I like Fava’s because there are chairs sitting out front on the sidewalk and no matter when you walk by during the day–early morning, lunch time, evening–there are always folks sitting out there and smoking. AND they say hi and ask you how you are. No matter what.

I like Fava’s because the waitstaff ranges in age from 16 to 60, high-schoolers in low-rise jeans right up next to white-haired women with blue eye shadow.

I like Fava’s because important people in the community dine there. For real. Today we saw a guy we both recognized from a billboard in town. Ha. Beat that.

I like Fava’s because the decorations hanging on the walls and from the ceiling are absolutely random, mismatched, and kind of tacky. There’s a huge painting on the one wall that is a scene from Fava’s back in the day, complete with people who look like characters out of King of the  Hill; there’s a big collection of Mickey Mouse paraphernalia near the door;  two rows of mugs hanging the full length of the ceiling, side-to-side, I’d guess two hundred or so; signed stuff from the cast of The Nanny and Extreme Makeover: Home Edition from when Fava’s catered for them on location; and myriad other decorations. How can you not love this?

And, as if those weren’t enough reasons to sing its praises, I like Fava’s because our waitress today knew what an Arnold Palmer was.

Cemetery Applesauce?

Right now there are eight hands in our kitchen making applesauce. (My two hands are obviously not in the kitchen, since I’m typing away at the keyboard.)

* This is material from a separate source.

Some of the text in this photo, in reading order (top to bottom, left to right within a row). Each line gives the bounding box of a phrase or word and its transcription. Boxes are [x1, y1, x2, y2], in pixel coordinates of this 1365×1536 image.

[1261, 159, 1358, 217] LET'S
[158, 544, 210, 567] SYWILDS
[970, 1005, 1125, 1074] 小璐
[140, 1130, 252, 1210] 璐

I had to run to the basement to type something about this, because this is community three-fold.

Here’s how:

1) Yesterday, we went over to the house of some friends (along with A–see, A? I do mention you sometimes on the blog) as a celebratory party because one of our friends is heading off to Scotland very soon for a very  long time. We wrapped plaid sheets and blankets around ourselves and spoke with a Scottish brogue (well, some of us did). Between dinner and the second round of desserts–that is, there were multiple rounds of dessert involved in the evening–we took a drive over to pick some free apples. We came back with lots, and lots, and lots. For free.

2) Above-mentioned group is now making applesauce from said apples, right above my head. I’m listening to music blaring, foot steps creaking, and lots and lots of teasing. Along with the shared work of community, we shared resources to make this happen–jars and lids, crockpots, extra sugar. Yum.

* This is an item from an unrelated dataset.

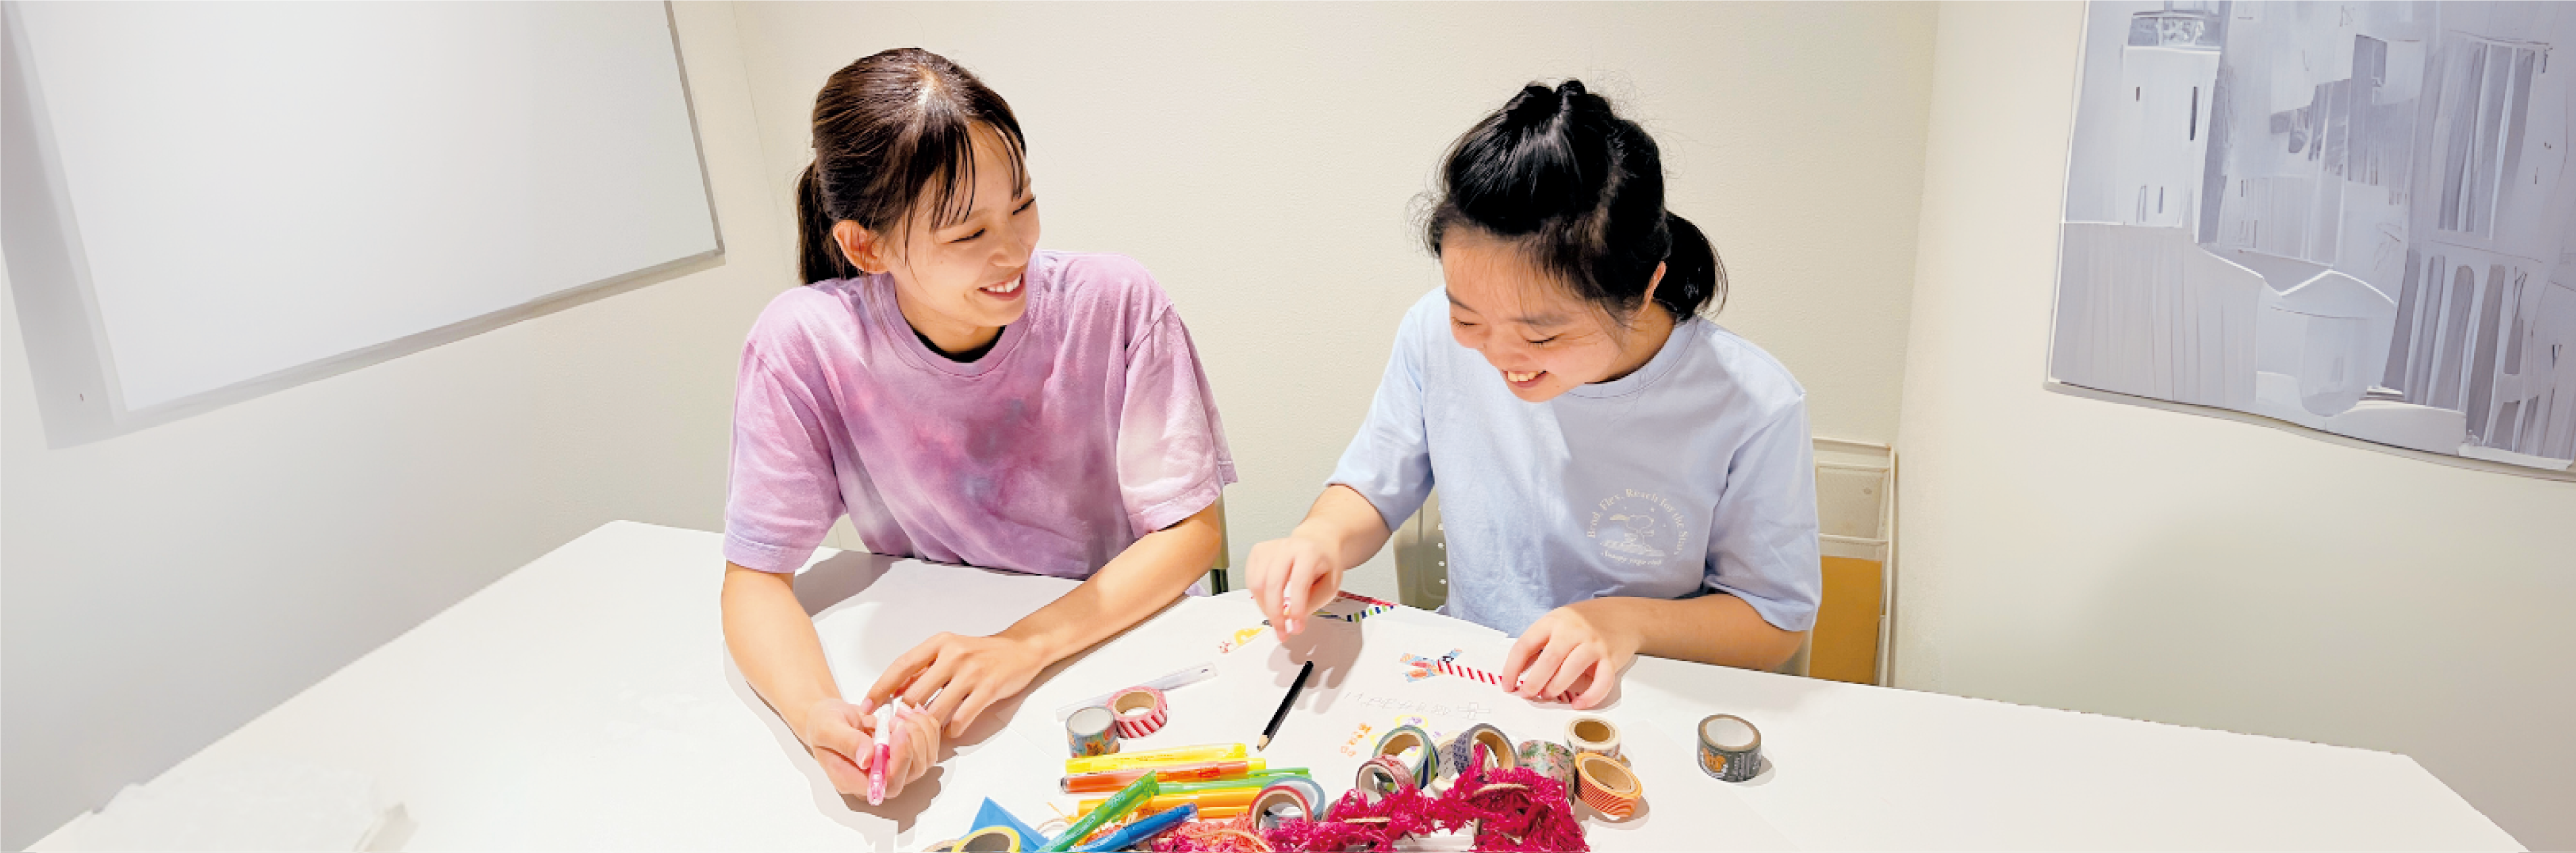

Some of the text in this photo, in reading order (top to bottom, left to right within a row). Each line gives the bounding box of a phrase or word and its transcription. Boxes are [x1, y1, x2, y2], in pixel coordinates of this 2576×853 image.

3) Aren’t you even curious how the apples were free? Well, get this–our little town’s cemetery is home to three rather prolific apple trees, and apparently nobody picks them (we assume, considering the scads of rotting apples on the ground). Who decided to plant these trees, we have no idea, nor do we know if someone takes care of them. What we know is that we got 53 pounds’ worth of apples off of only 2 of the trees. (SHHHH. Don’t tell our secret.)

4) I also need to add a fourth-fold item to this list, because we’re using a handy contraption called a Victorio Strainer to make this applesauce, and we got that from my in-laws last year for Christmas. It’s the same device my mother-in-law uses every year to fill her pantry, and I must say, is a worthwhile tradition I’m happy to be part of!

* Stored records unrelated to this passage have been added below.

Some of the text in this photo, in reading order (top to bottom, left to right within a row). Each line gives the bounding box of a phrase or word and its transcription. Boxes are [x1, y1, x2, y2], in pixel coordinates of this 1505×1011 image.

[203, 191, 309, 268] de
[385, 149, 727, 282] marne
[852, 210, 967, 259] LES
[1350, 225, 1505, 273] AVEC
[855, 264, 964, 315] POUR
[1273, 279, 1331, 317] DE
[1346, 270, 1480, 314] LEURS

Well, better get back to work. I think my hands are needed in the kitchen.

In Honor of Volunteerism: Food & Community, part 4

Pretty much every day now, we pick about two fistfuls of shiny red grape tomatoes. Luckily, we bought ourselves a dehydrator this year, and we’ve found myriad ways to use “sundried” tomatoes, even when they’re dried artificially. That little whirring you hear when passing through our kitchen is music to my ears.

But guess what? Even in bragging about our beautiful tomatoes, I can talk about community.

My mom hasn’t planted tomato plants for at least two seasons, but last year she had some really healthy “volunteer” plants in various places around her garden… and in places very distant from anything garden-like. Apparently critters liked her tomatoes, too, and tried to preserve them in the fertile soil of her back yard.